Below is a set of records. Please retype every one exactly.

------------------------

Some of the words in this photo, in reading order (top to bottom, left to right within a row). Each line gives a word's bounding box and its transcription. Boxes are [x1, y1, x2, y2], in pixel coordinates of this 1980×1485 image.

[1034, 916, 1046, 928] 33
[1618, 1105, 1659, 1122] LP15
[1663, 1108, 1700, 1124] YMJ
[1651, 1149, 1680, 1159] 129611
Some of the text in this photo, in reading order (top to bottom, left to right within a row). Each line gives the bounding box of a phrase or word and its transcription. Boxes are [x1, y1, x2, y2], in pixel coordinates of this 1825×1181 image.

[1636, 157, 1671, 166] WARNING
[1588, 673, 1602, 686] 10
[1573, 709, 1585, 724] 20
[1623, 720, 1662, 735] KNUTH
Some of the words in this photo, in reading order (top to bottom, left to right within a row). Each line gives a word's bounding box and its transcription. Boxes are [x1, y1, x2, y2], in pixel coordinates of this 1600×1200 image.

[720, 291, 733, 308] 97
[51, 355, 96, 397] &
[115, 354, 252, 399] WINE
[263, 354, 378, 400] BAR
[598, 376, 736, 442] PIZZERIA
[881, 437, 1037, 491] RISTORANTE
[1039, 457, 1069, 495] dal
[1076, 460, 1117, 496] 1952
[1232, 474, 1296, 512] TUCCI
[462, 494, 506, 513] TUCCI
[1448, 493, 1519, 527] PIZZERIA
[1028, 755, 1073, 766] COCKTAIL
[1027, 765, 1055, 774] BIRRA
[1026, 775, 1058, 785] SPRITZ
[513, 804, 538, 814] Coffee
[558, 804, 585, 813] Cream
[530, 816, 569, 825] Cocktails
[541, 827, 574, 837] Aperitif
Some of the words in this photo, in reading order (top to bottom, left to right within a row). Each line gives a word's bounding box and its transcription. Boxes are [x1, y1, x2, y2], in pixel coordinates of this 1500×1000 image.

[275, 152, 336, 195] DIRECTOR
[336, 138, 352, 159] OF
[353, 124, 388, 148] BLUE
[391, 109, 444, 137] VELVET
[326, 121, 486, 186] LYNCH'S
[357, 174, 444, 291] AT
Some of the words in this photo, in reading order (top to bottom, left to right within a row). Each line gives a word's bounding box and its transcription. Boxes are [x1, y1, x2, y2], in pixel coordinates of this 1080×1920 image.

------------------------

→ **Solution for this exercise**
Some of the words in this photo, in reading order (top to bottom, left to right within a row). Each line gives a word's bounding box and its transcription. Boxes are [x1, y1, x2, y2], in pixel coordinates of this 1980×1485 image.

[1034, 916, 1046, 928] 33
[1618, 1105, 1659, 1122] LP15
[1663, 1108, 1700, 1124] YMJ
[1651, 1149, 1680, 1159] 129611
Some of the text in this photo, in reading order (top to bottom, left to right within a row). Each line gives the bounding box of a phrase or word and its transcription. Boxes are [x1, y1, x2, y2], in pixel coordinates of this 1825×1181 image.

[1636, 157, 1671, 166] WARNING
[1588, 673, 1602, 686] 10
[1573, 709, 1585, 724] 20
[1623, 720, 1662, 735] KNUTH
Some of the words in this photo, in reading order (top to bottom, left to right within a row). Each line gives a word's bounding box and its transcription. Boxes are [x1, y1, x2, y2], in pixel coordinates of this 1600×1200 image.

[720, 291, 733, 308] 97
[51, 355, 96, 397] &
[115, 354, 252, 399] WINE
[263, 354, 378, 400] BAR
[598, 376, 736, 442] PIZZERIA
[881, 437, 1037, 491] RISTORANTE
[1039, 457, 1069, 495] dal
[1076, 460, 1117, 496] 1952
[1232, 474, 1296, 512] TUCCI
[462, 494, 506, 513] TUCCI
[1448, 493, 1519, 527] PIZZERIA
[1028, 755, 1073, 766] COCKTAIL
[1027, 765, 1055, 774] BIRRA
[1026, 775, 1058, 785] SPRITZ
[513, 804, 538, 814] Coffee
[558, 804, 585, 813] Cream
[530, 816, 569, 825] Cocktails
[541, 827, 574, 837] Aperitif
Some of the words in this photo, in reading order (top to bottom, left to right within a row). Each line gives a word's bounding box and its transcription. Boxes are [x1, y1, x2, y2], in pixel coordinates of this 1500×1000 image.

[275, 152, 336, 195] DIRECTOR
[336, 138, 352, 159] OF
[353, 124, 388, 148] BLUE
[391, 109, 444, 137] VELVET
[326, 121, 486, 186] LYNCH'S
[357, 174, 444, 291] AT
Some of the words in this photo, in reading order (top to bottom, left to right within a row). Each line gives a word's bounding box and its transcription. Boxes are [x1, y1, x2, y2], in pixel coordinates of this 1080×1920 image.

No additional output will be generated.